:: EXTRACTED RECORDS ::
== Segment start ==

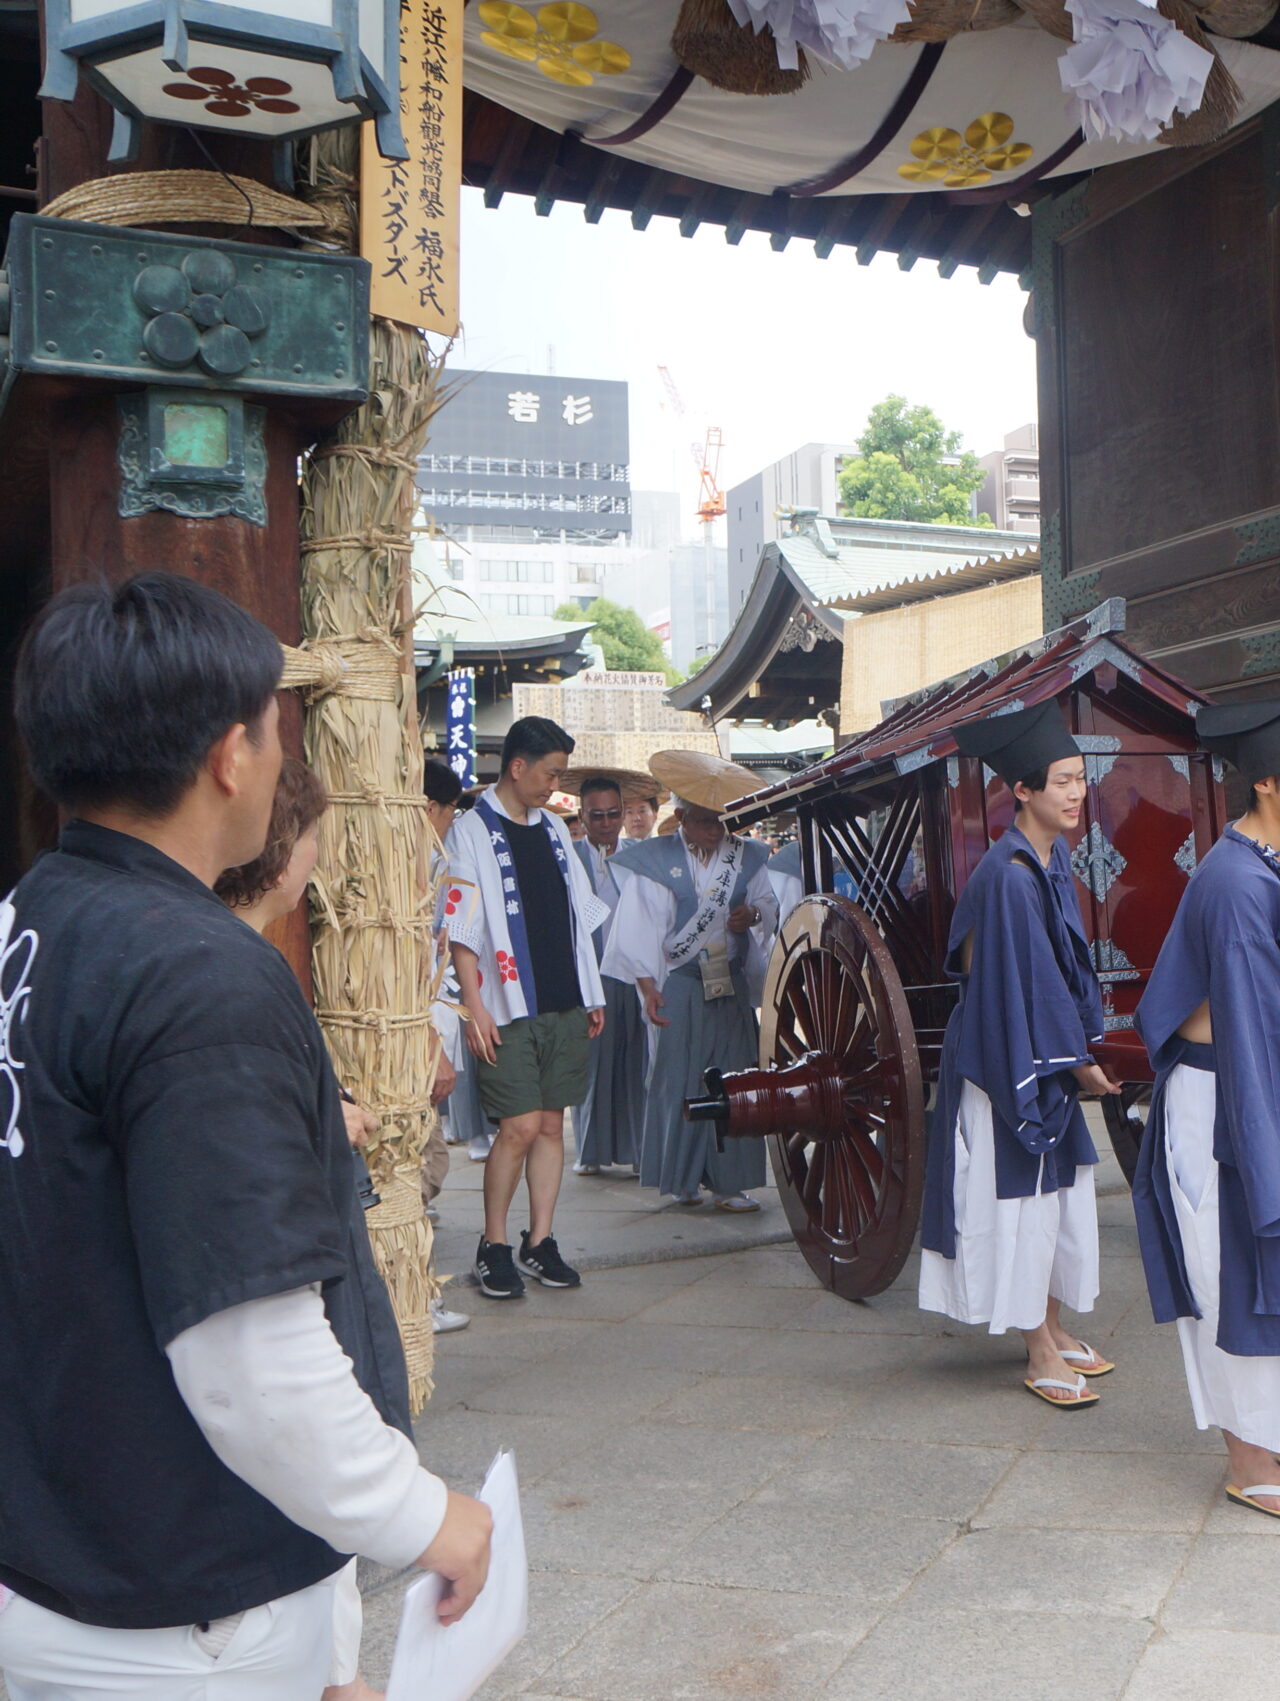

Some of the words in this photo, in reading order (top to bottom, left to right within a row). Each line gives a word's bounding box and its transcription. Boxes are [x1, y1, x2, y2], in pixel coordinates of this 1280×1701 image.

== Segment end ==
== Segment start ==

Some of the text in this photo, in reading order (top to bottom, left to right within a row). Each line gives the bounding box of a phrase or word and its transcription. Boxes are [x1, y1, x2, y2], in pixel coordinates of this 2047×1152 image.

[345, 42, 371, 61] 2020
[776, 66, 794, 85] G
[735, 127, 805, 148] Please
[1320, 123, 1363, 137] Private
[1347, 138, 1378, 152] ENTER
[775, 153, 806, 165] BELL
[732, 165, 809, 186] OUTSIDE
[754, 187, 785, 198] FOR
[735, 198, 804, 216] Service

== Segment end ==
== Segment start ==

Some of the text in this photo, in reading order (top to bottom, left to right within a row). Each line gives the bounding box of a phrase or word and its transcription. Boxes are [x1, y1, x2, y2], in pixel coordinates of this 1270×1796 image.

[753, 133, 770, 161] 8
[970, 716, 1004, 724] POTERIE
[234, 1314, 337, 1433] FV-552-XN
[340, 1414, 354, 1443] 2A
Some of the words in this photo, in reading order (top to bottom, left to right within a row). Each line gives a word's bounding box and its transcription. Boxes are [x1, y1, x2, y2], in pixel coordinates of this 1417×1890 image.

== Segment end ==

:: WORK INSTRUCTIONS ::
Will you return exactly the lines above from the one with "this 1270×1796 image." down to the one with "this 1417×1890 image.", counting both as part of the range?

:: EXPECTED OUTPUT ::
Some of the text in this photo, in reading order (top to bottom, left to right within a row). Each line gives the bounding box of a phrase or word and its transcription. Boxes are [x1, y1, x2, y2], in pixel coordinates of this 1270×1796 image.

[753, 133, 770, 161] 8
[970, 716, 1004, 724] POTERIE
[234, 1314, 337, 1433] FV-552-XN
[340, 1414, 354, 1443] 2A
Some of the words in this photo, in reading order (top to bottom, left to right within a row). Each line gives a word's bounding box and its transcription. Boxes are [x1, y1, x2, y2], in pixel coordinates of this 1417×1890 image.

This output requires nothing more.